• **Task statement**:
The reply should hold every entry exactly as written and none of the pictures.

• **Available data**:

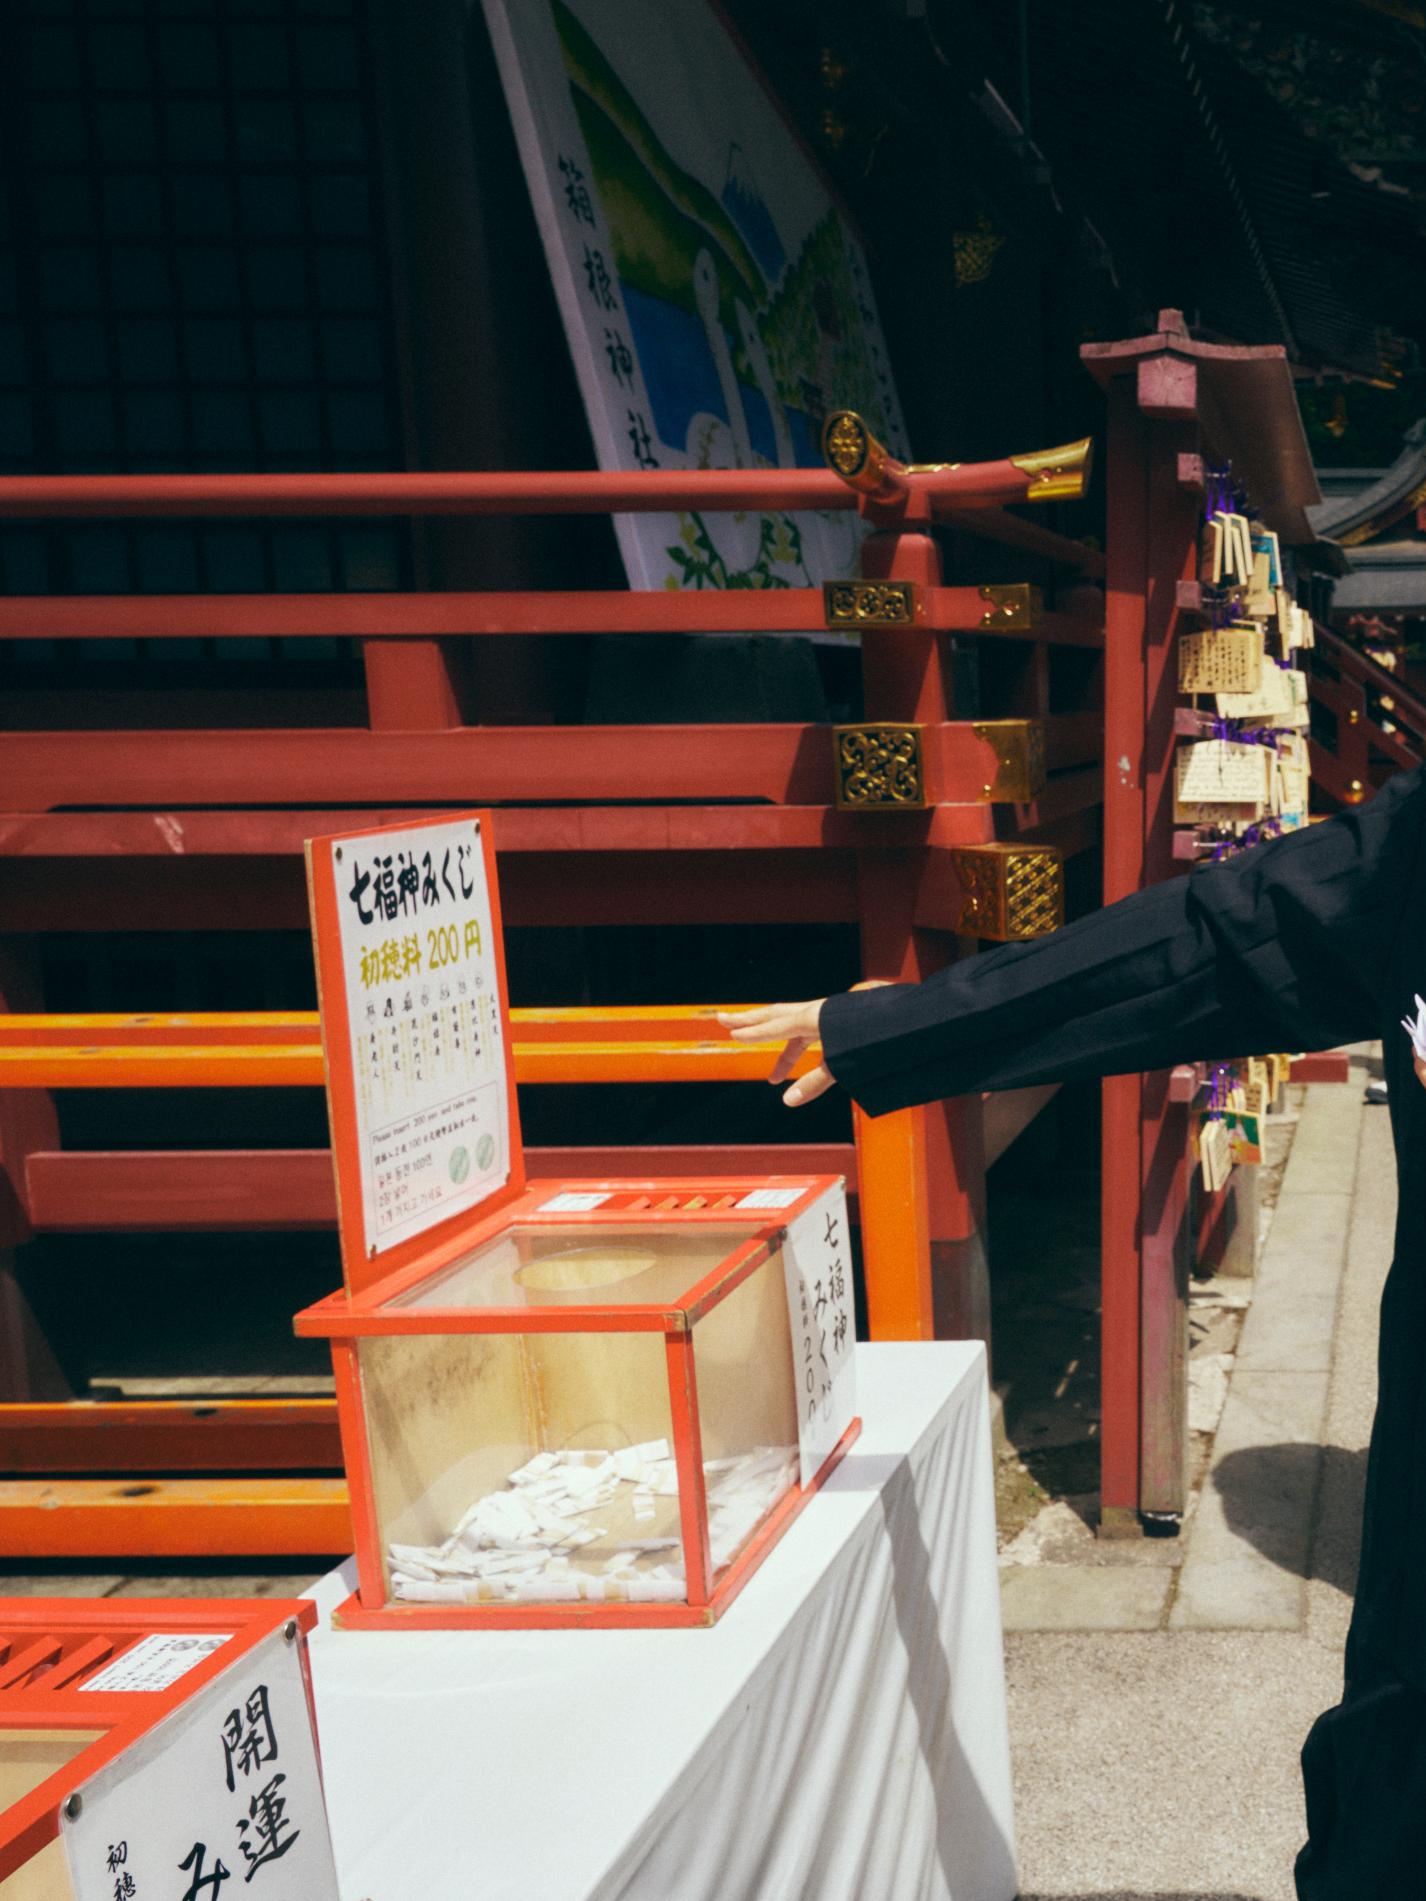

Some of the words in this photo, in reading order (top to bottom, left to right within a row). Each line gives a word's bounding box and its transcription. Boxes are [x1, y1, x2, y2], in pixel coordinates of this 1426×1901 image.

[558, 154, 660, 470] 箱根神社
[349, 845, 473, 925] 七福神みくじ
[824, 1211, 847, 1353] 七福神
[221, 1684, 300, 1883] 開運

• **Answer section**:
Some of the words in this photo, in reading order (top to bottom, left to right within a row). Each line gives a word's bounding box and its transcription. Boxes are [x1, y1, x2, y2], in pixel coordinates of this 1426×1901 image.

[558, 154, 660, 470] 箱根神社
[349, 845, 473, 925] 七福神みくじ
[824, 1211, 847, 1353] 七福神
[221, 1684, 300, 1883] 開運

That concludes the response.